Financial market participants had already anticipated that the RBI would maintain the status quo as it would be needed to perform a delicate balancing act between GST cuts and dampening the export market.
India’s export sector has been hit badly since the increase in tariffs to 50% on imports from New Delhi to the United States (US). President Donald Trump raised import duty on Indian products as a penalty in response to buying Oil from Russia.
Meanwhile, RBI Governor Sanjay Malhotra has also warned that higher US tariffs would slow down the Indian export market. “Higher tariffs are likely to moderate export growth,” Malhotra said in the monetary policy statement.
With the GST cuts announcement in effect, the RBI has raised the Gross Domestic Product (GDP) forecast for the current financial year to 6.8% from 6.5% projected earlier. The RBI has stated that it will continue to maintain a “neutral” stance on interest rates and has revised the headline inflation forecast for FY2026 downwards from 3.1% to 2.6%.
USD/INR falls to near 88.85 on Wednesday. However, the near-term trend of the pair remains bullish as the 20-day Exponential Moving Average (EMA) slopes higher around 88.50.

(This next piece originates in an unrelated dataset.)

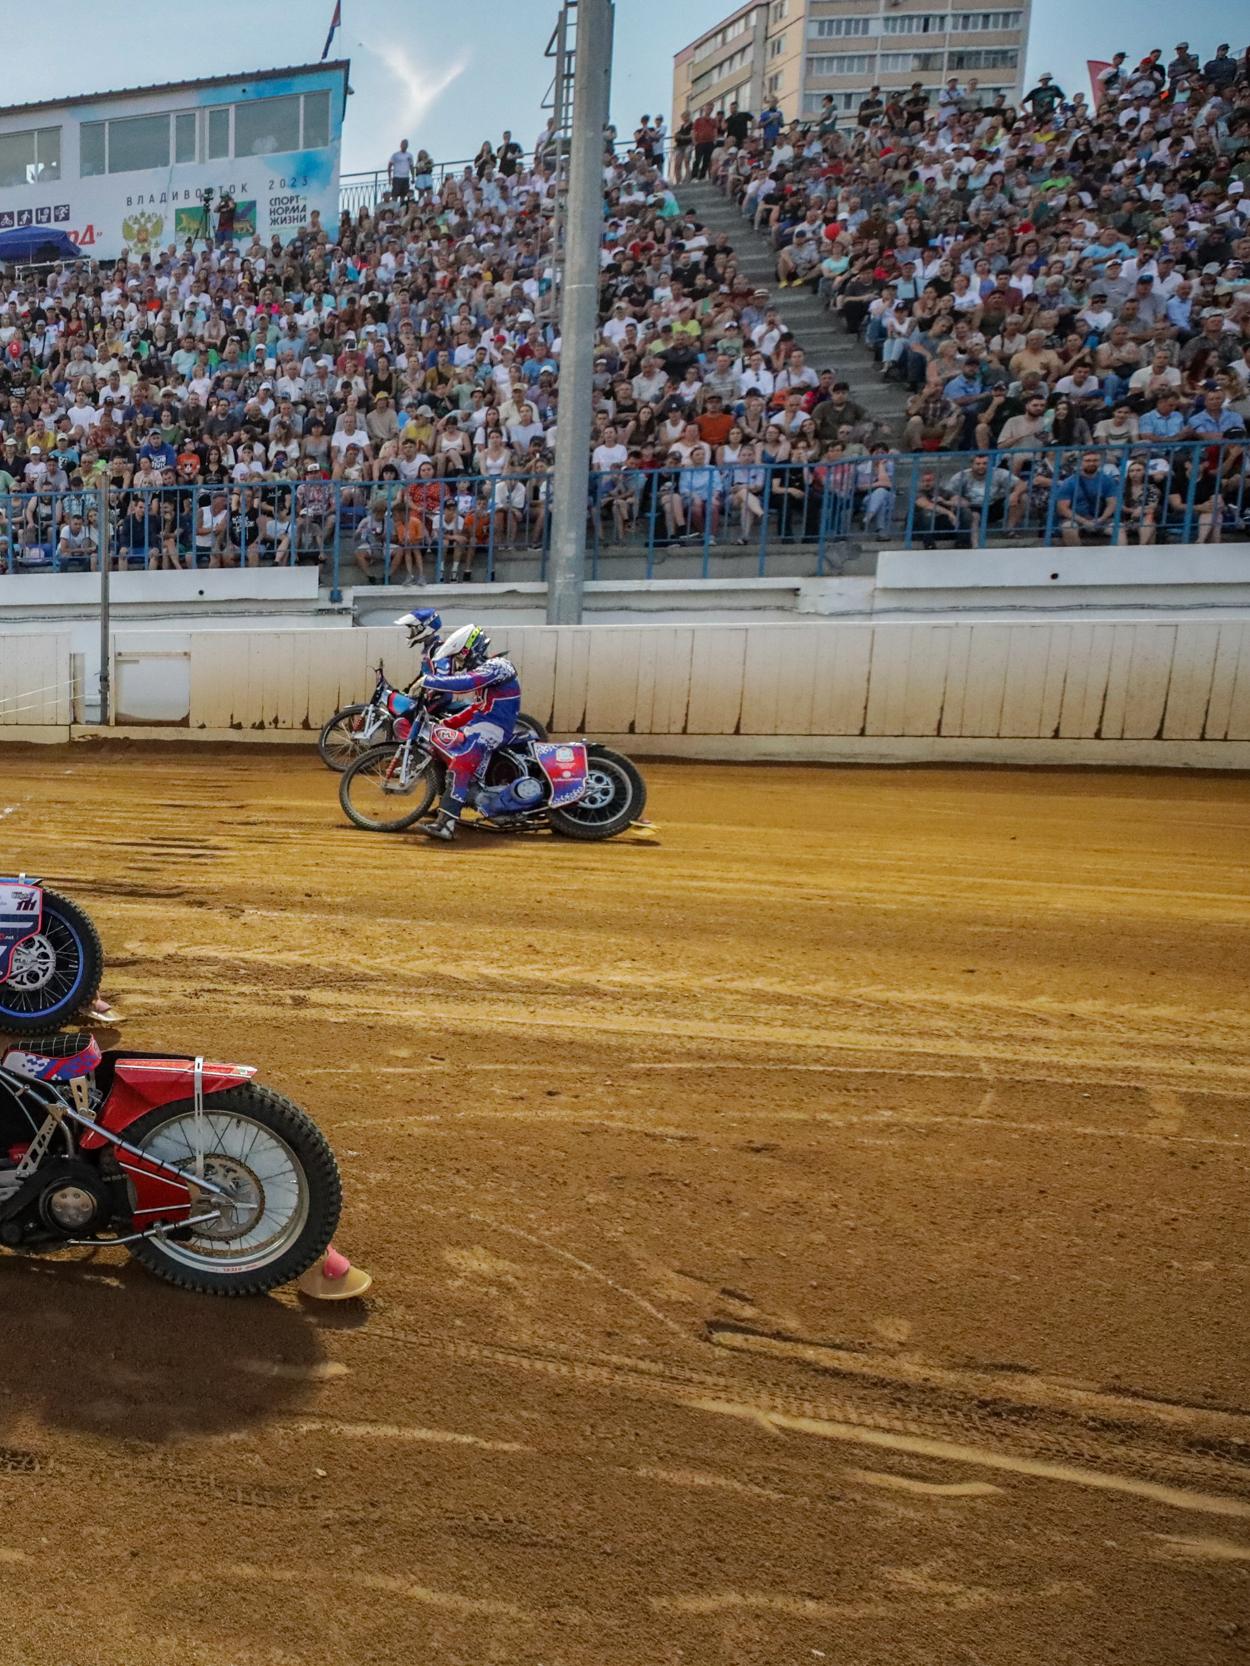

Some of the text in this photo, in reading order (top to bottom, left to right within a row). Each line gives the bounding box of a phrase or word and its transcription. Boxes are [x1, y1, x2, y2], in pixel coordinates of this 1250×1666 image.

[126, 175, 308, 206] ВЛАДИВОТОК 2023
[269, 204, 307, 216] НОРМА
[269, 214, 307, 226] ЖИЗНИ

The 14-day Relative Strength Index (RSI) stays above 60.00, suggesting a strong bullish momentum.
Looking down, the 20-day EMA will act as key support for the major. On the upside, the round figure of 90.00 would be the key hurdle for the pair.

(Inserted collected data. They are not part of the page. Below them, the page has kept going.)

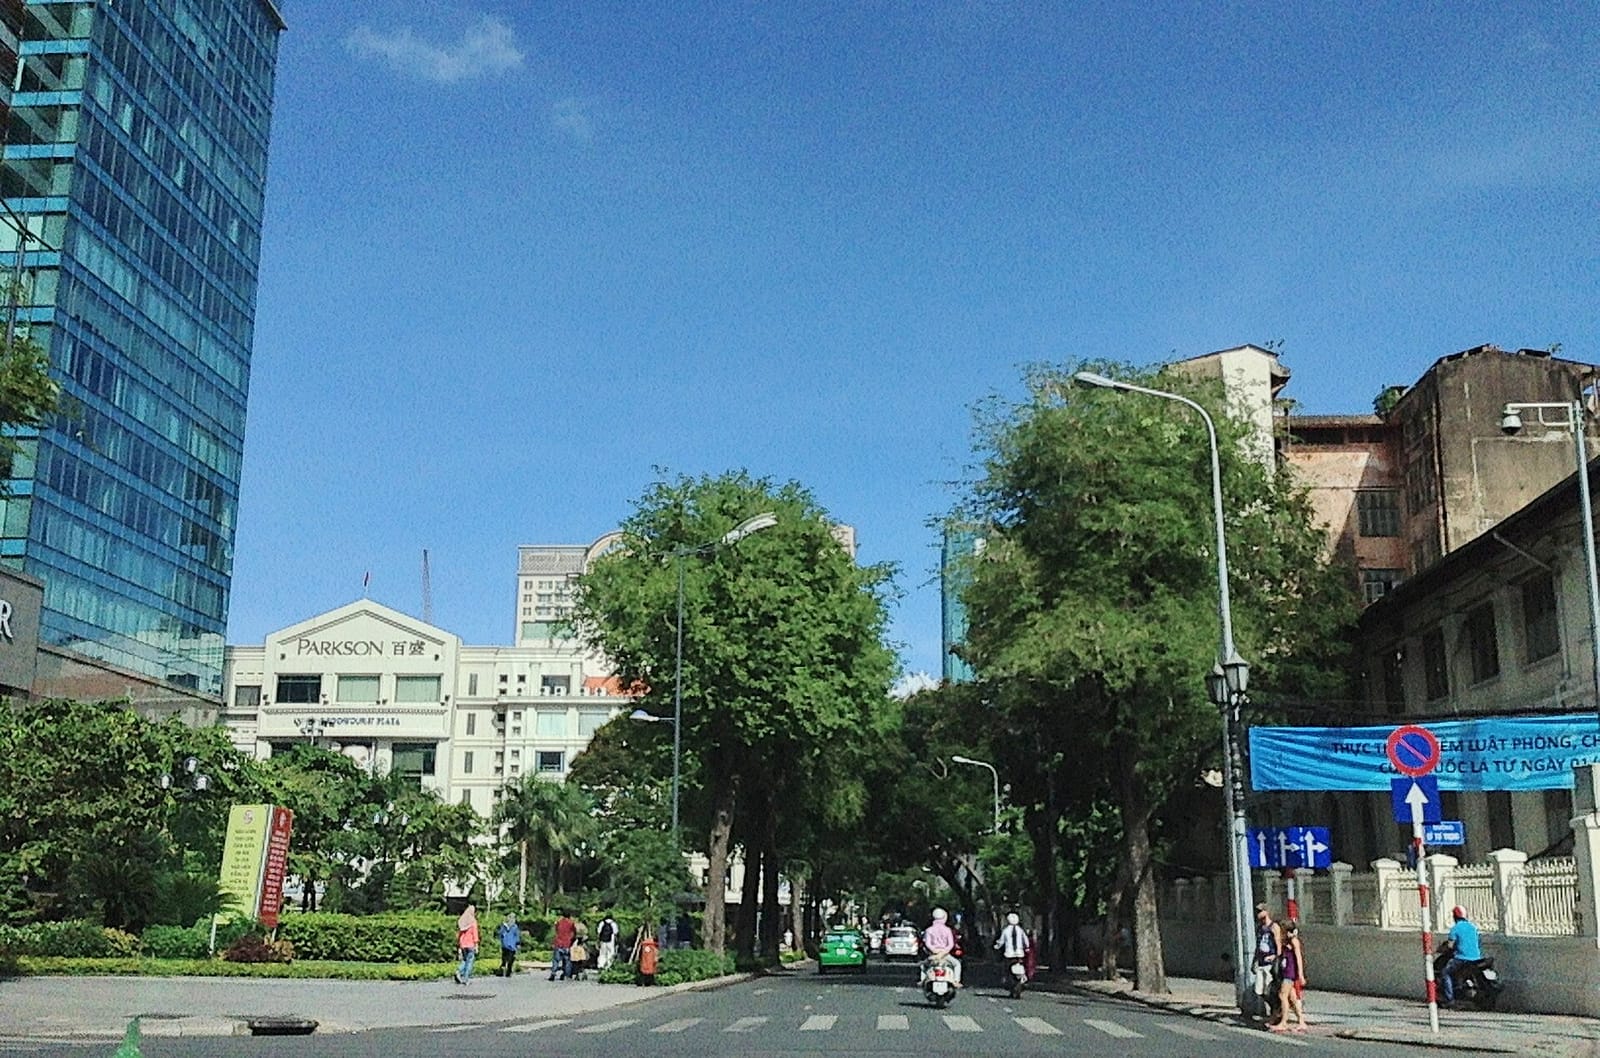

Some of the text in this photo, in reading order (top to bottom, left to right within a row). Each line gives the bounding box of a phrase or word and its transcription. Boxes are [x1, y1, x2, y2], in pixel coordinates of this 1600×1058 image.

[297, 637, 384, 656] PARKSON
[391, 639, 426, 656] 百盛
[1331, 742, 1371, 756] THỰC
[1468, 734, 1507, 754] LUẬT
[1493, 756, 1517, 773] TỪ
[1520, 755, 1565, 772] NGÀY

The Indian Rupee (INR) is one of the most sensitive currencies to external factors. The price of Crude Oil (the country is highly dependent on imported Oil), the value of the US Dollar – most trade is conducted in USD – and the level of foreign investment, are all influential. Direct intervention by the Reserve Bank of India (RBI) in FX markets to keep the exchange rate stable, as well as the level of interest rates set by the RBI, are further major influencing factors on the Rupee.
The Reserve Bank of India (RBI) actively intervenes in forex markets to maintain a stable exchange rate, to help facilitate trade. In addition, the RBI tries to maintain the inflation rate at its 4% target by adjusting interest rates. Higher interest rates usually strengthen the Rupee. This is due to the role of the ‘carry trade’ in which investors borrow in countries with lower interest rates so as to place their money in countries’ offering relatively higher interest rates and profit from the difference.
Macroeconomic factors that influence the value of the Rupee include inflation, interest rates, the economic growth rate (GDP), the balance of trade, and inflows from foreign investment. A higher growth rate can lead to more overseas investment, pushing up demand for the Rupee. A less negative balance of trade will eventually lead to a stronger Rupee. Higher interest rates, especially real rates (interest rates less inflation) are also positive for the Rupee. A risk-on environment can lead to greater inflows of Foreign Direct and Indirect Investment (FDI and FII), which also benefit the Rupee.
Higher inflation, particularly, if it is comparatively higher than India’s peers, is generally negative for the currency as it reflects devaluation through oversupply. Inflation also increases the cost of exports, leading to more Rupees being sold to purchase foreign imports, which is Rupee-negative. At the same time, higher inflation usually leads to the Reserve Bank of India (RBI) raising interest rates and this can be positive for the Rupee, due to increased demand from international investors. The opposite effect is true of lower inflation.